Kristie, Jahmal and his two young sisters, Jasmin and Zuri, were left homeless in the wake of Kristie’s divorce from Jahmal’s stepfather. The marriage fell apart under unhealthy conditions, she said.
“It was spiritual, monetary, emotional and psychological,” Kristie said. “I didn’t get my eyes black or my teeth knocked out. When you’re hit, it can heal. For three years after that separation, I shut down from the world. What kept me going was my children. They are my joy. They are my four heartbeats.
“I lost everything. But I chose my children.”
Kristie’s oldest, Kyerra Martin, at the time, attended Bowie State in Maryland on an athletic scholarship, playing volleyball and softball. The rest of them, on that awful day, sat in Kristie’s Chevy Tahoe as she cried for 30 minutes.

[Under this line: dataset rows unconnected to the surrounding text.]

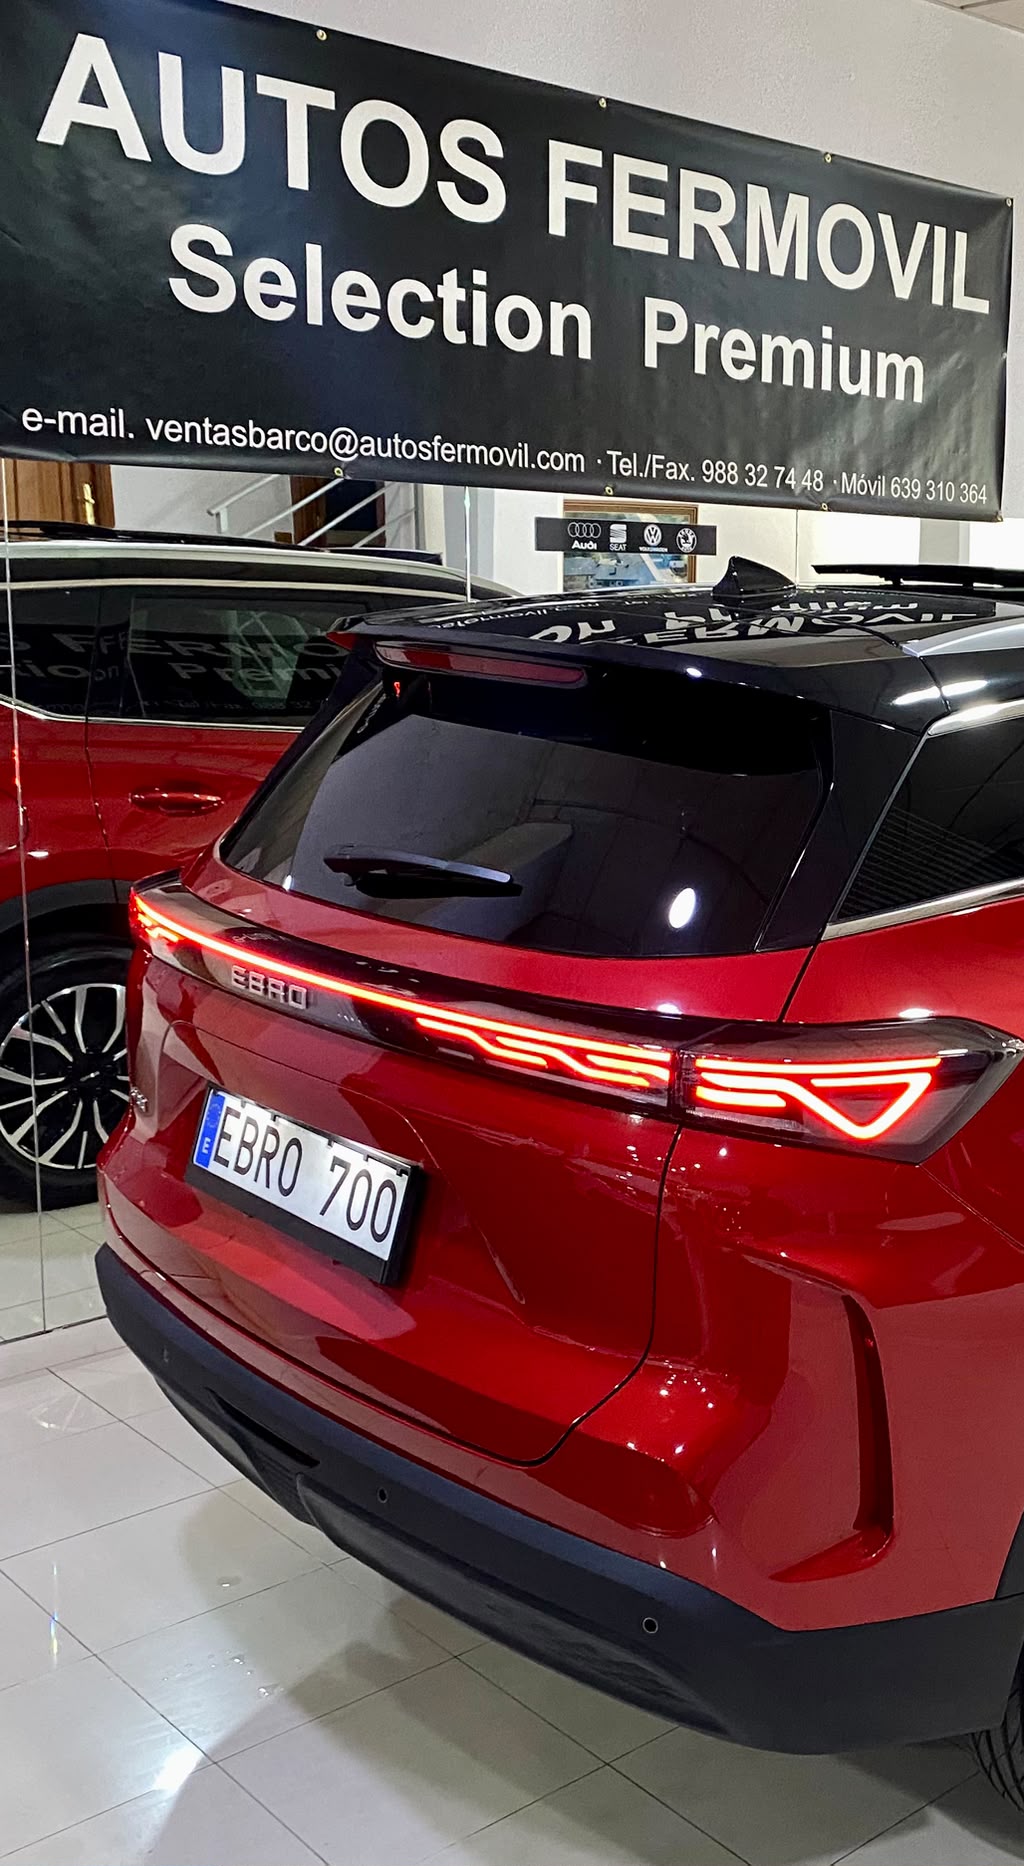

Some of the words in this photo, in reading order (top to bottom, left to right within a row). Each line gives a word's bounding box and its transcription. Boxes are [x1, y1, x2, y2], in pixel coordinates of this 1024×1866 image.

[36, 33, 507, 223] AUTOS
[548, 139, 990, 315] FERMOVIL
[169, 223, 592, 360] Selection
[644, 296, 924, 405] Premium
[22, 407, 135, 439] e-mail.
[145, 416, 585, 473] ventasbarco@autosfermovil.com
[606, 450, 696, 482] Tel./Fax.
[702, 459, 739, 485] 988
[744, 463, 768, 488] 32
[773, 465, 796, 490] 74
[801, 468, 824, 492] 48
[841, 471, 886, 497] Móvil
[890, 476, 922, 500] 639
[926, 479, 956, 502] 310
[959, 482, 988, 505] 364
[571, 539, 598, 550] Audi
[609, 543, 628, 551] SEAT
[231, 964, 307, 1010] EBRO
[202, 1137, 211, 1154] E
[213, 1106, 303, 1197] EBRO
[319, 1155, 398, 1243] 700

Before her divorce, Kristie said she had three months of mortgage payments in the bank. A longtime paramedic, she was decorated for her skills in response to trauma.
But in this moment, Kristie said, she lost herself.
“I didn’t know what to do,” she said. “I lost my control. I was so structured. I never thought I would have to sample bread and not know where I was going to lay my head.”
The first night, a friend took them in. Over several months that followed, Kristie and her three kids moved between hotels and a shelter around Washington, D.C. They witnessed the aftermath of a murder. She lost her steady job, Kristie said, to work at Safeway and Macy’s so she could accommodate the kids’ schedules from a displaced home.
At times, Kristie said she had to choose between buying gas and food.
Perseverance, she said, allowed Kristie to regain her footing.
“God placed certain people around us at certain times,” she said. “But it was a fight every day. I found strength that I didn’t know I had.”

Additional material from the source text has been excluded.